LISTA DE ABREVIAÇÕES

ºC graus Celsius

CTAB Brometo de cetiltrimetilamônio

DNA Ácido desoxirribonucléico

dNTP Desoxiribonucléico trisfotato

EDTA Ácido etilenodianinotetracético

ng nanograma

µg micrograma

mg miligrama

ml mililitro

µl microlitro

M molar

mM milimolar

pb pares de base

PCR reação em cadeia da polimerase

pH potencial hidrogênico

pmol picomoles

PVP polivinilpirrolidona

rpm rotações por minuto

TAE tampão tris, acetato e EDTA

TE tampão tris EDTA

Tris tri- hidroximetil aminometano

V volts

1

I. INTRODUÇÃO

A filogeografia é um campo de estudo que vem crescendo nas últimas duas

décadas, desde que foi proposta em 1987 pelo biólogo John C. Avise. Pelo fato de ser

uma disciplina que lida com o arranjo espacial das linhagens genéticas, a

“filogeografia” tornou-se um campo de estudo conveniente para tratar relações

genealógicas dentro das dimensões espaciais e temporais da microevolução (Avise,

2009). A arquitetura genética espacial de qualquer espécie é o resultado complexo de

fatores demográficos contemporâneos, forças ecológicas e de fatores biogeográficos, os

quais vêm atuando ao longo da história evolutiva de uma espécie (Walker & Avise,

1998).
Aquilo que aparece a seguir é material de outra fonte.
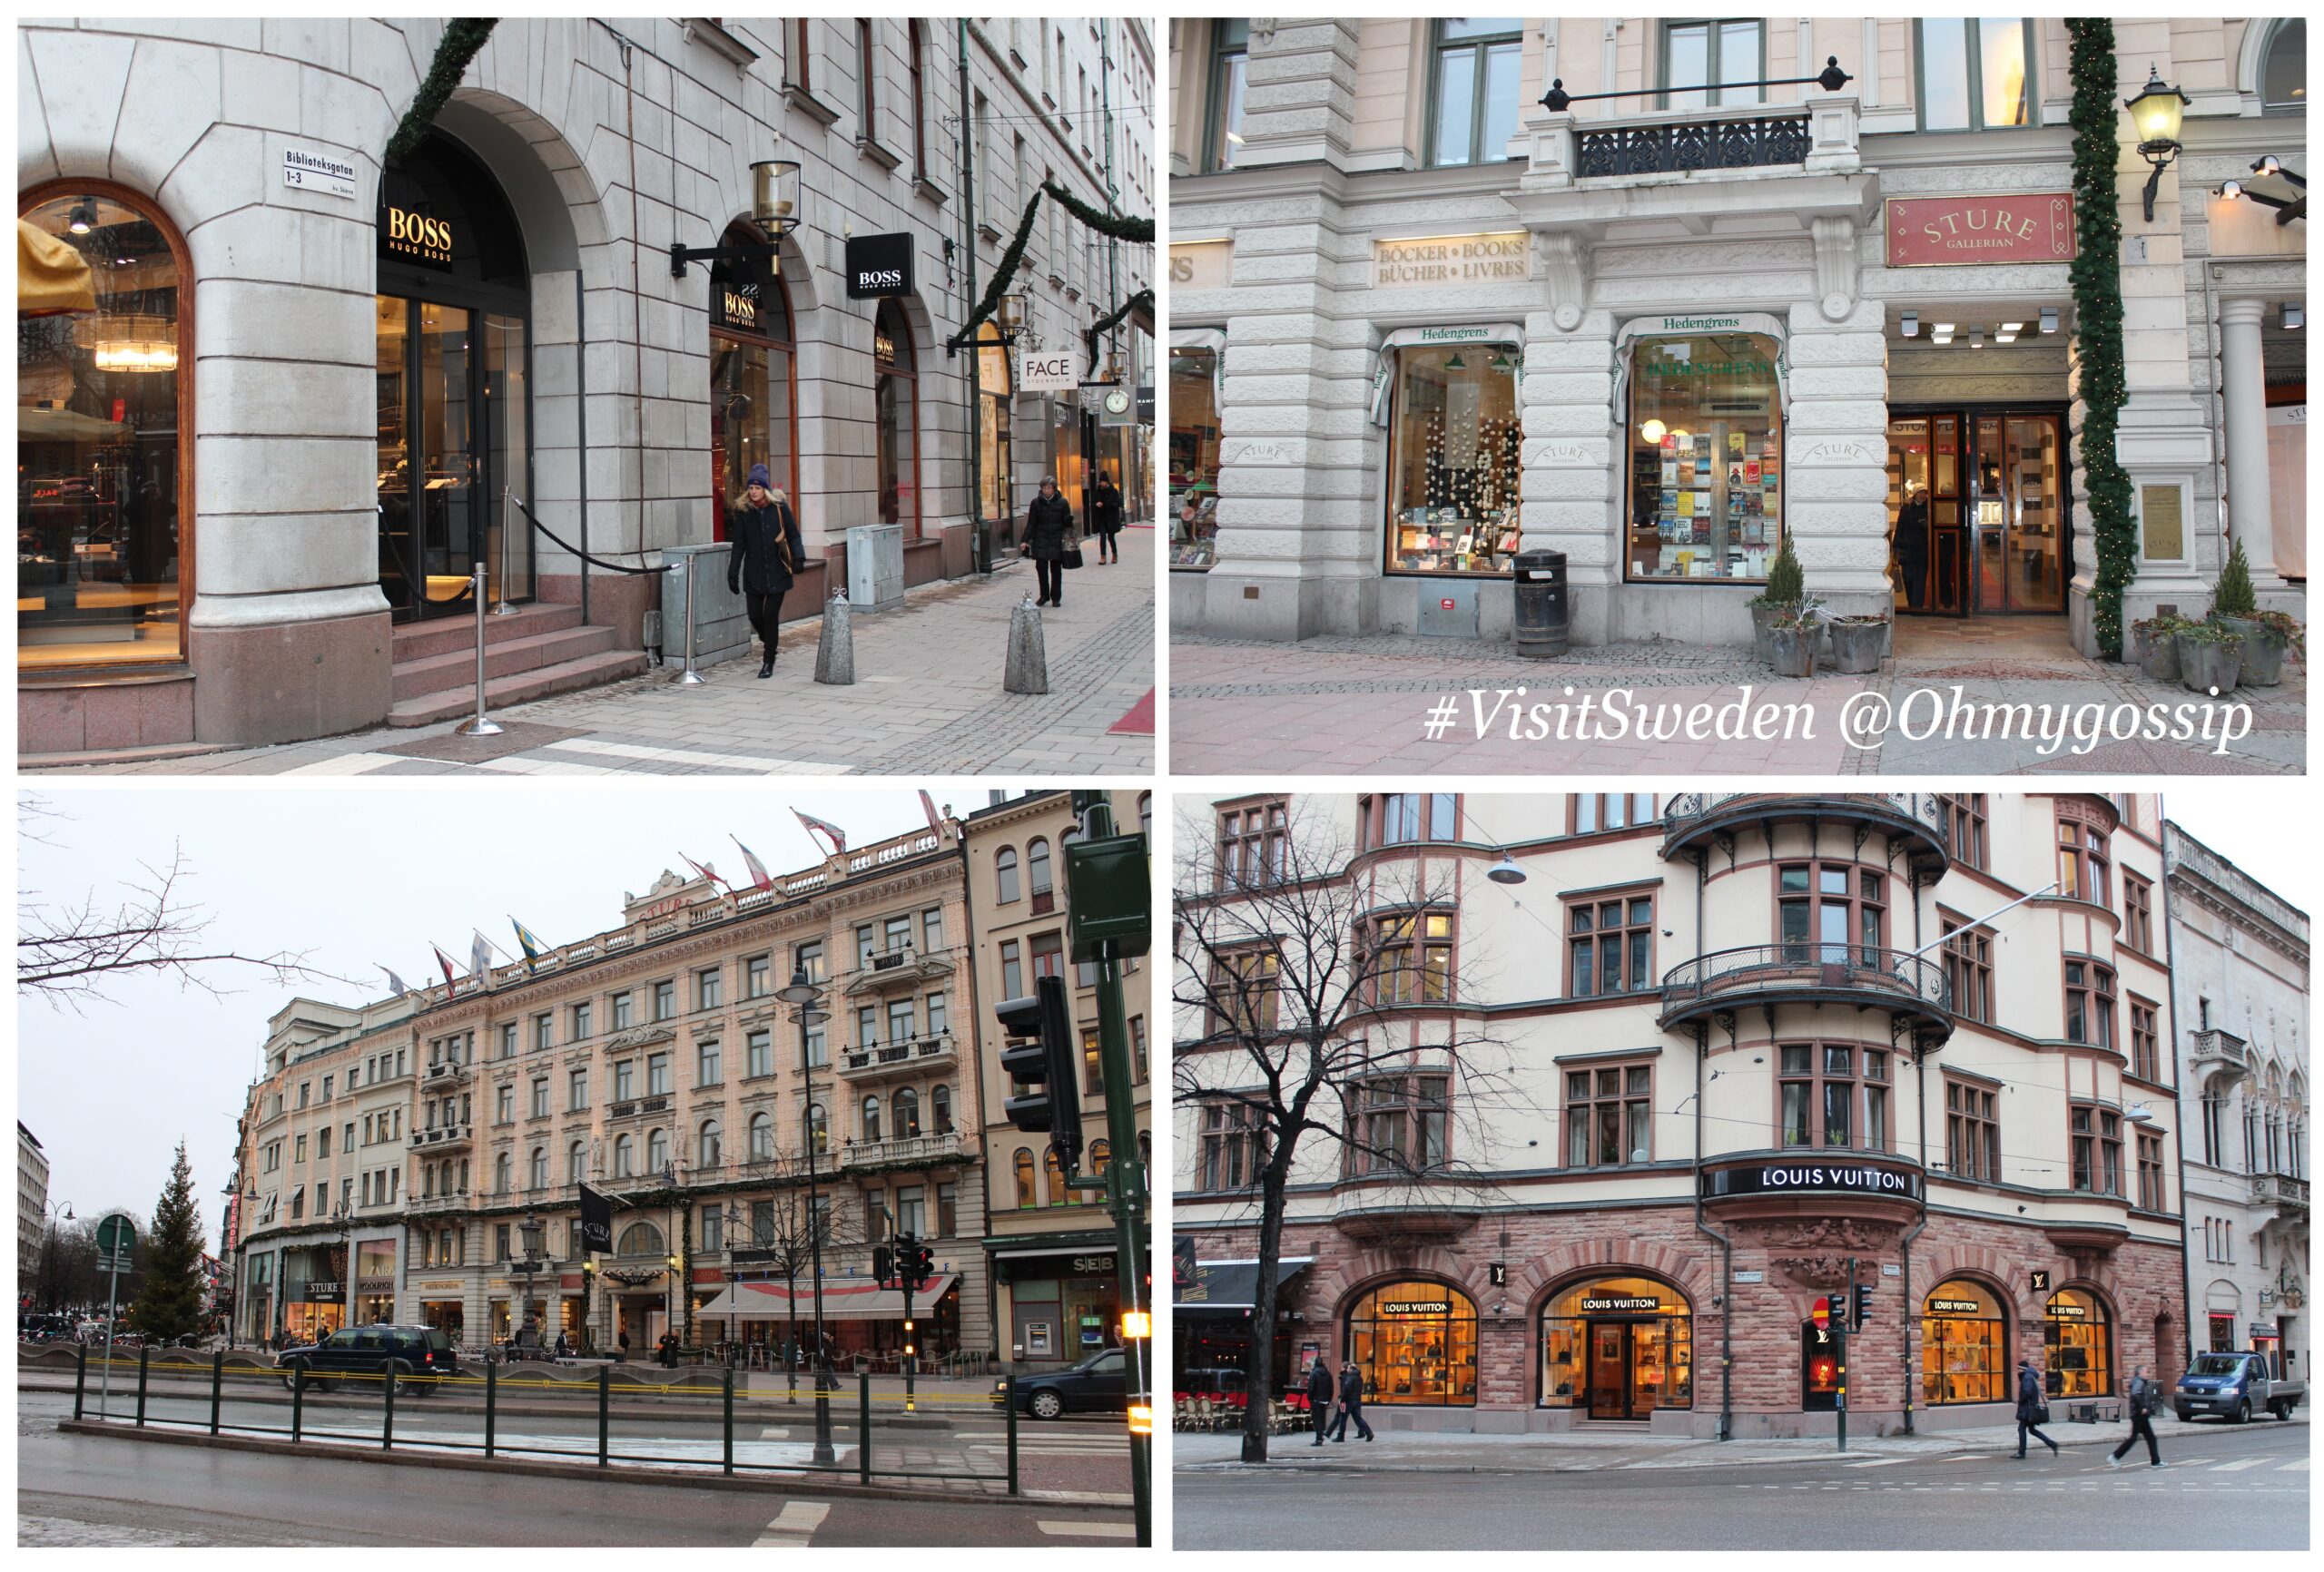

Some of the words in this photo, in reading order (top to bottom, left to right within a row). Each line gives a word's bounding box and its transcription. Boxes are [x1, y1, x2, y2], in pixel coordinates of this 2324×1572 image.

[287, 151, 353, 176] Biblioteksgatan
[389, 207, 451, 251] BOSS
[1925, 209, 2037, 243] STURE
[389, 241, 418, 254] HUGO
[425, 249, 451, 262] BOSS
[1379, 245, 1448, 263] BÖCKER
[1462, 241, 1523, 258] BOOKS
[1946, 239, 2014, 249] GALLERIAN
[859, 270, 901, 285] BOSS
[1378, 265, 1448, 282] BÜCHER
[1463, 260, 1524, 278] LIVRES
[725, 291, 754, 319] BOSS
[1663, 318, 1739, 329] Hedengrens
[1422, 328, 1489, 340] Hedengrens
[876, 337, 893, 356] BOSS
[1027, 359, 1069, 377] FACE
[1814, 443, 1862, 459] STURE
[1762, 1169, 1824, 1186] LOUIS
[1829, 1169, 1905, 1190] VUITTON
[1073, 1256, 1115, 1272] SEB
[310, 1282, 338, 1292] STURE
[1385, 1303, 1410, 1312] LOUIS
[1412, 1303, 1447, 1312] VUITTON
[1583, 1300, 1610, 1309] LOUIS
[1613, 1299, 1656, 1308] VUITTON
[1935, 1301, 1953, 1310] LOUIS
[1953, 1302, 1977, 1311] VUITTON
[2065, 1307, 2084, 1315] VUITTON
O uso dos genomas citoplasmáticos (cpDNA - cloroplasto e mtDNA -

mitocondrial) é extremamente adequado em estudos filogenéticos. Devido à herança

uniparental e ao fato de não ocorrer recombinação nestes genomas, linhagens podem ser

identificadas e inferências filogenéticas podem ser feitas ao nível intra-específico

(Walker & Avise, 1998; Ouborg et al., 1999). Em plantas, o uso de marcadores

moleculares do genoma do cloroplasto, que apresenta herança uniparental materna para

a maioria das angiospermas, tem mostrado ser uma ferramenta adequada para estudos

filogeográficos. O polimorfismo encontrado neste genoma tem permitido identificar

padrões filogeográficos em espécies vegetais e assim conhecer os processos envolvidos

na formação de tais padrões (Hamza, 2010).
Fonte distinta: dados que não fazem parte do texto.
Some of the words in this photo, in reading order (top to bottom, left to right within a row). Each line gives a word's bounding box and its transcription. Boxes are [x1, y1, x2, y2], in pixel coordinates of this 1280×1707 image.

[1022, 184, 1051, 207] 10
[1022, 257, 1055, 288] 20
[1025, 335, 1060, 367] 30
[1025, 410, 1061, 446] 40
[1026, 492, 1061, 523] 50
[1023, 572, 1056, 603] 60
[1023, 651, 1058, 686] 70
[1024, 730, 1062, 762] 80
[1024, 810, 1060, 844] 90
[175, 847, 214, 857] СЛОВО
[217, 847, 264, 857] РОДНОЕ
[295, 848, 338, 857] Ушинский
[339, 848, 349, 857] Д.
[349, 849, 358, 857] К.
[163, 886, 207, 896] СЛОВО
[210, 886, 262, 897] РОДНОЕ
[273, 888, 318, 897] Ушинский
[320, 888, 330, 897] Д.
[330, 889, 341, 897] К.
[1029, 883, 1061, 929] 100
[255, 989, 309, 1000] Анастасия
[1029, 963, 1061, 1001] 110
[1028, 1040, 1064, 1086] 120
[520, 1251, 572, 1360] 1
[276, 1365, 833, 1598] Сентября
Poucos ainda são os estudos filogeográficos de plantas nos neotrópicos,

principalmente daquelas com ampla distribuição (Lira et al., 2003; Lorenz-Lemke et al.,

2005; Andrade et al., 2007; Dick et. al., 2007; Dick & Heuertz, 2008; Palma-Silva,

2008; Colevatti et al., 2009; Ramos et al., 2009; Lemes et al., 2010; Ribeiro et al.,

2011). O conhecimento dos padrões filogeográficos de espécies com ampla distribuição

pode contribuir ao conhecimento da história evolutiva das populações, principalmente

daquelas situadas em diferentes complexos vegetacionais. A identificação destes

padrões pode dar suporte ao conhecimento da história de formação dos biomas, e

contribuir para a conservação dos mesmos.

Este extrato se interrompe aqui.